EXERCISE » All lines from the one with "this 1600×1067 image." through the final line of the records below must be written out exactly, with no other text.

Items listed in a dataset »
---
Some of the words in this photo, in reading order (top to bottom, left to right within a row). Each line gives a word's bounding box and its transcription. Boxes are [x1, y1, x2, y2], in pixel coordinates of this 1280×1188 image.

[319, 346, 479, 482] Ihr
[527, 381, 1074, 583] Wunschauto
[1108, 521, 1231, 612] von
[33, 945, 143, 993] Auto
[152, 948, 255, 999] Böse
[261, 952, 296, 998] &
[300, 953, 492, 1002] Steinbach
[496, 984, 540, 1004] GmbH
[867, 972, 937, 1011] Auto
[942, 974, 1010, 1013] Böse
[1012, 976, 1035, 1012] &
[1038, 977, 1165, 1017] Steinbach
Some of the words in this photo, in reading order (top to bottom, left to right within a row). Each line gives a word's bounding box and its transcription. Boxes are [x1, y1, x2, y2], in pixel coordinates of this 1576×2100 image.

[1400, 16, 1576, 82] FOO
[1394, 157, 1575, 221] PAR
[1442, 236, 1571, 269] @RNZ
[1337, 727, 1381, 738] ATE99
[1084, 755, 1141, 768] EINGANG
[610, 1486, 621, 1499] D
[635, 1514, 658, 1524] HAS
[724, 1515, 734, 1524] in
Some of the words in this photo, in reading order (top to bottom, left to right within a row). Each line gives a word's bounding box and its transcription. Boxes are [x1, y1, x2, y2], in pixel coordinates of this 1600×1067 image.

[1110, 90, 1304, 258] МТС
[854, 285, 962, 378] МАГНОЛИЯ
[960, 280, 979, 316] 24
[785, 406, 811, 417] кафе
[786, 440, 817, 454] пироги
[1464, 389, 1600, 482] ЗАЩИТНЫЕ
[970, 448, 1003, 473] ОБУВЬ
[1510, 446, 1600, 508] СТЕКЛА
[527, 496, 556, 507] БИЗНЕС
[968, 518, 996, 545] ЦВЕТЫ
---
OUTPUT OF THE TASK »
Some of the words in this photo, in reading order (top to bottom, left to right within a row). Each line gives a word's bounding box and its transcription. Boxes are [x1, y1, x2, y2], in pixel coordinates of this 1600×1067 image.

[1110, 90, 1304, 258] МТС
[854, 285, 962, 378] МАГНОЛИЯ
[960, 280, 979, 316] 24
[785, 406, 811, 417] кафе
[786, 440, 817, 454] пироги
[1464, 389, 1600, 482] ЗАЩИТНЫЕ
[970, 448, 1003, 473] ОБУВЬ
[1510, 446, 1600, 508] СТЕКЛА
[527, 496, 556, 507] БИЗНЕС
[968, 518, 996, 545] ЦВЕТЫ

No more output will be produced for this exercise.